Finally, the only randomised controlled trial to date assessing the very short-term effect of MedDiet on cognition found that participants allocated to a diet change (to a MedDiet pattern) improved only visuospatial working memory while participants allocated to the control group (no change) improved numerical working memory and word recognition. It is possible that some limitations of that previous trial such as small sample size (27 subjects), young age (19–30 years) of the studied population and the extremely short duration of the intervention (10 days) could be partly responsible for these inconsistent results.18

There are mechanisms that can explain the protective effect of MedDiet on cognitive status, including antioxidative and anti-inflammatory effects and reduced vascular comorbidities.

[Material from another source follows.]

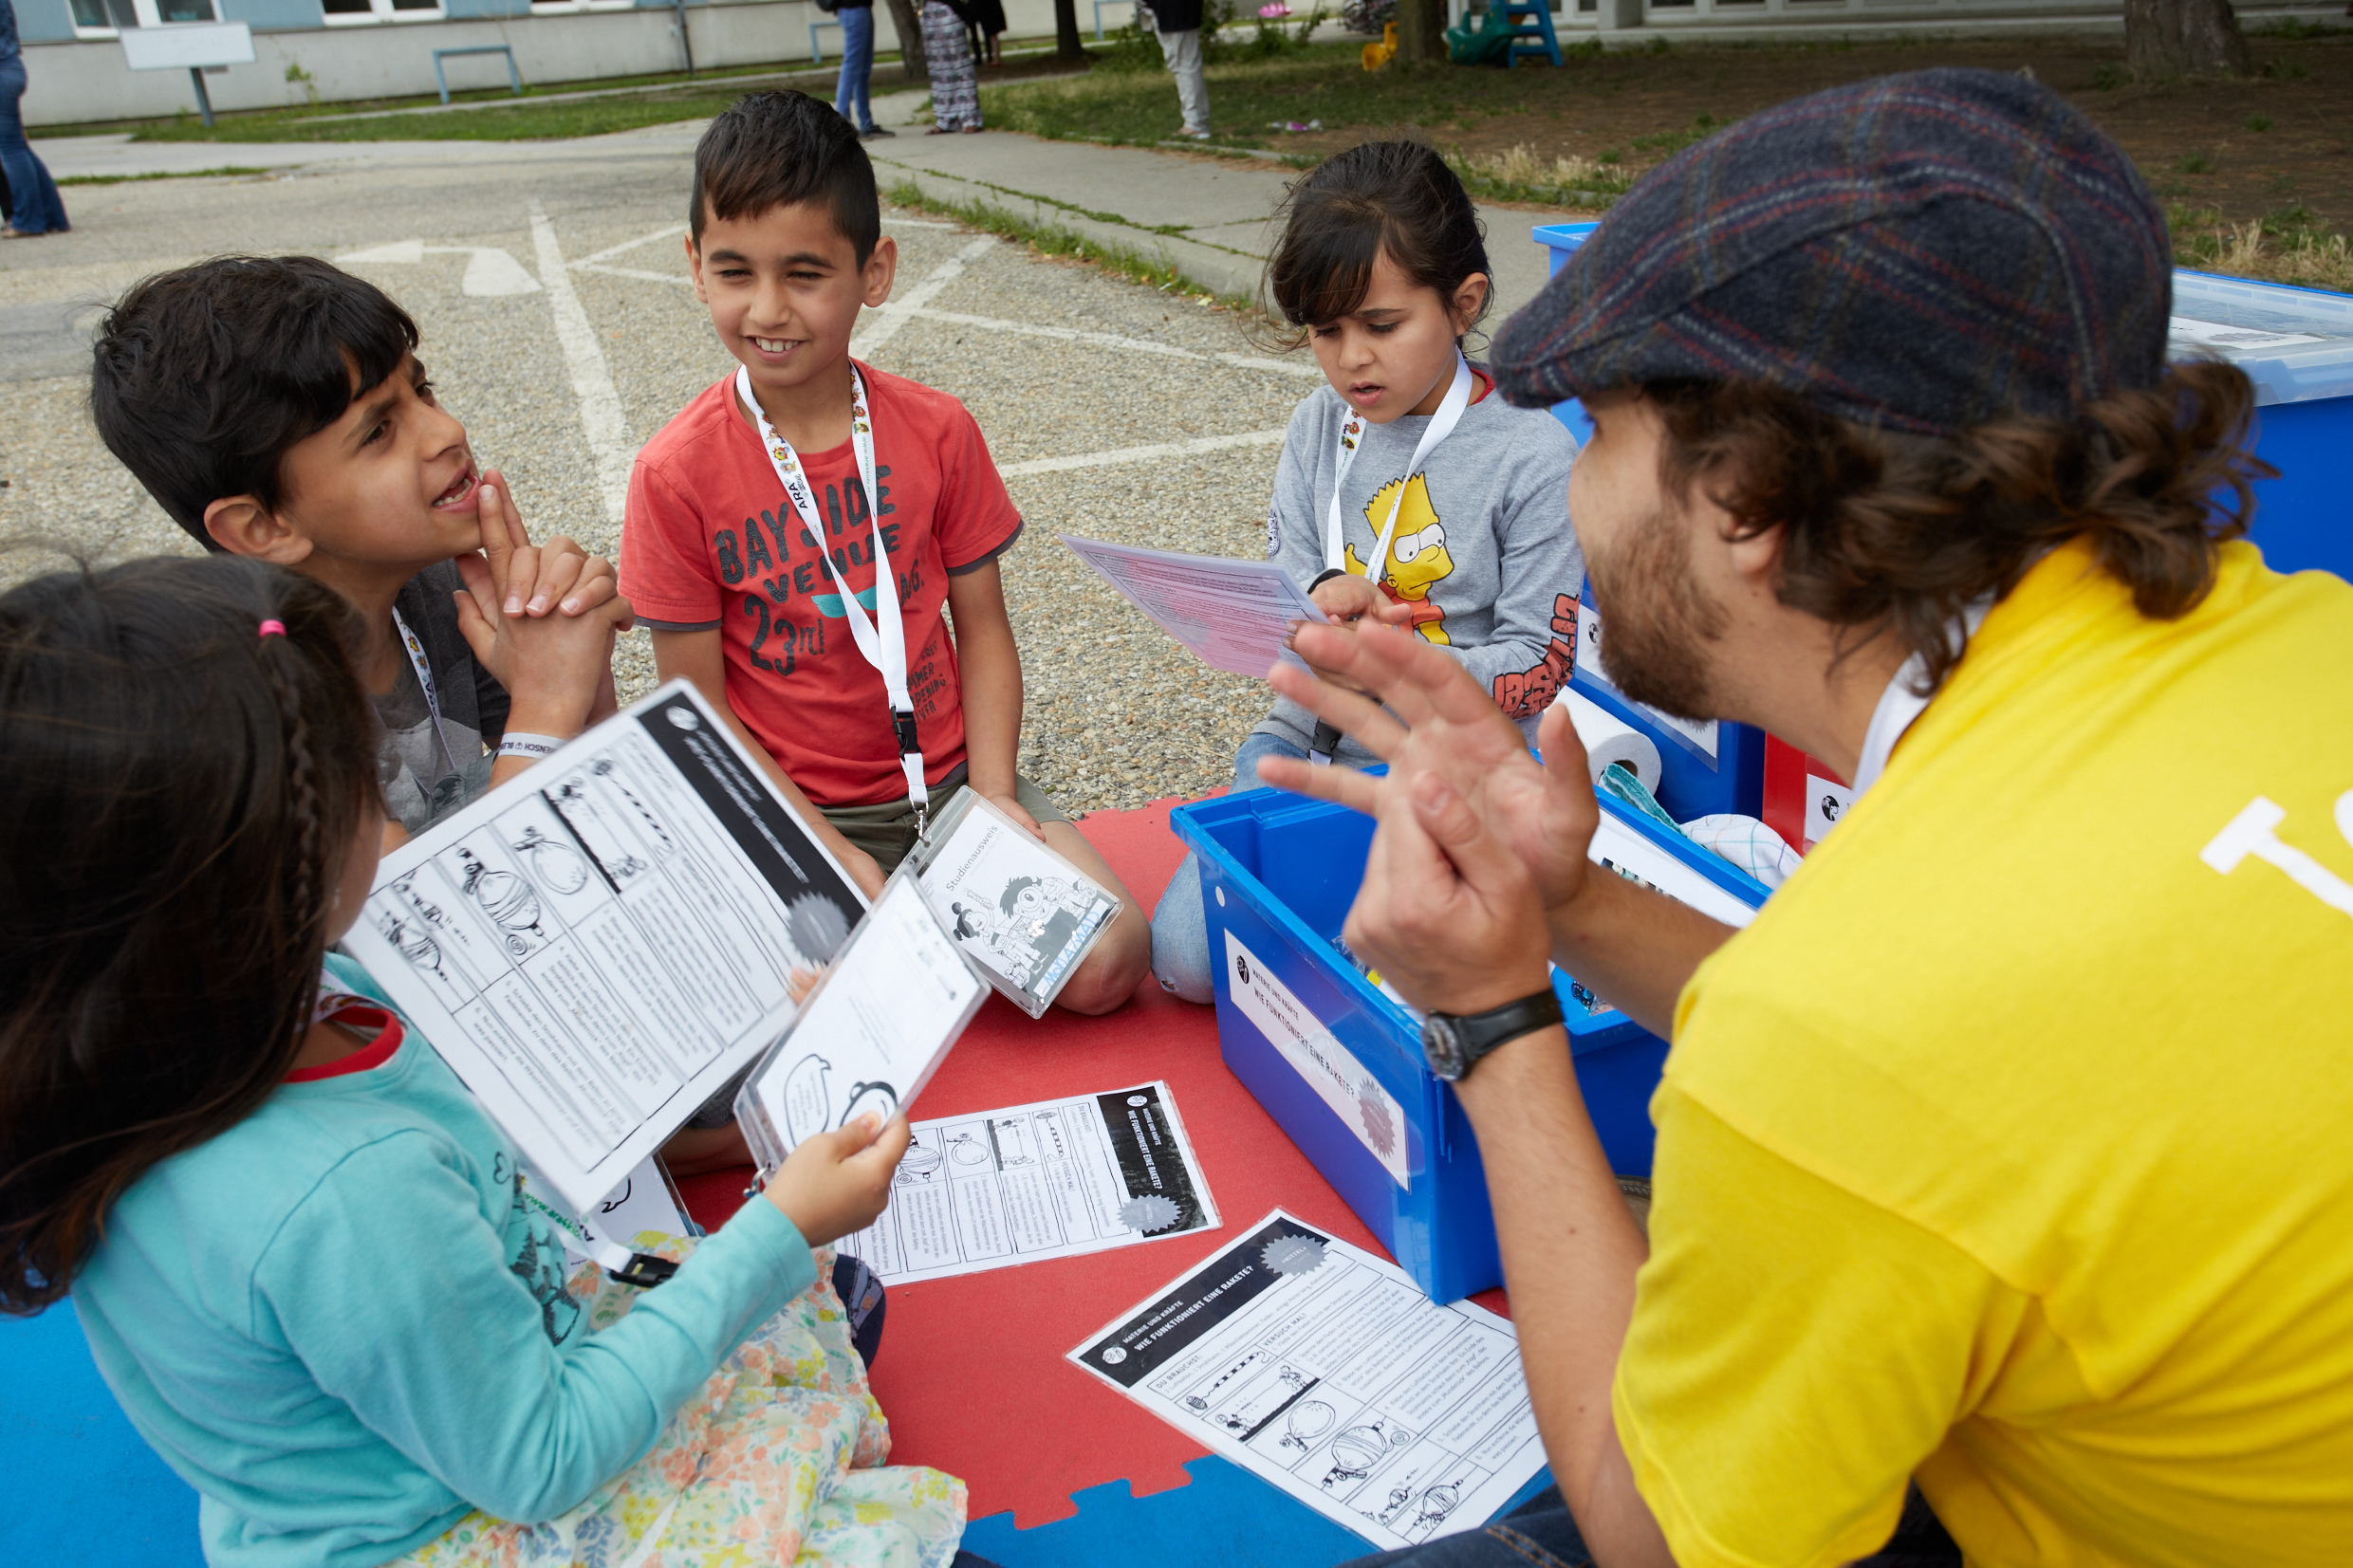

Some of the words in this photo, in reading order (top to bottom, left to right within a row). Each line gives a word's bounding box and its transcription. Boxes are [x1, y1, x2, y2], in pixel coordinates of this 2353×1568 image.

Oxidative stress has been associated with neurodegeneration.39 The main components of the MedDiet intervention in the PREDIMED trial, EVOO and nuts, have antioxidant properties19 and, together with other polyphenol-rich foods in the MedDiet, are suggested to relate to improved cognitive function.37 In fact, a previous assessment from the PREDIMED-NAVARRA trial found that the intervention in this subgroup of the trial was able to increase after 3 years the total plasma antioxidant capacity.40 Further evidence suggests that inflammation could play a role in the pathogenesis of dementia.41 The MedDiet and especially the typical traditional Mediterranean components such as EVOO and nuts have been associated with lower serum concentrations of different inflammatory markers.42 The protective effect of the MedDiet on vascular comorbidities also supports the biological plausibility of our results. Compliance with the MedDiet is inversely associated with vascular risk factors.42 At the same time, there is increasing evidence that major vascular risk factors are associated with a higher risk of cognitive decline and dementia.43 Therefore, the protective effect of the MedDiet on cognition might be related in part to improvements in underlying vascular risk factors. Due to the randomised design of the study, vascular risk factors at baseline were well-balanced among the three groups, a reason why the results did not materially change after adjusting for vascular risk factors.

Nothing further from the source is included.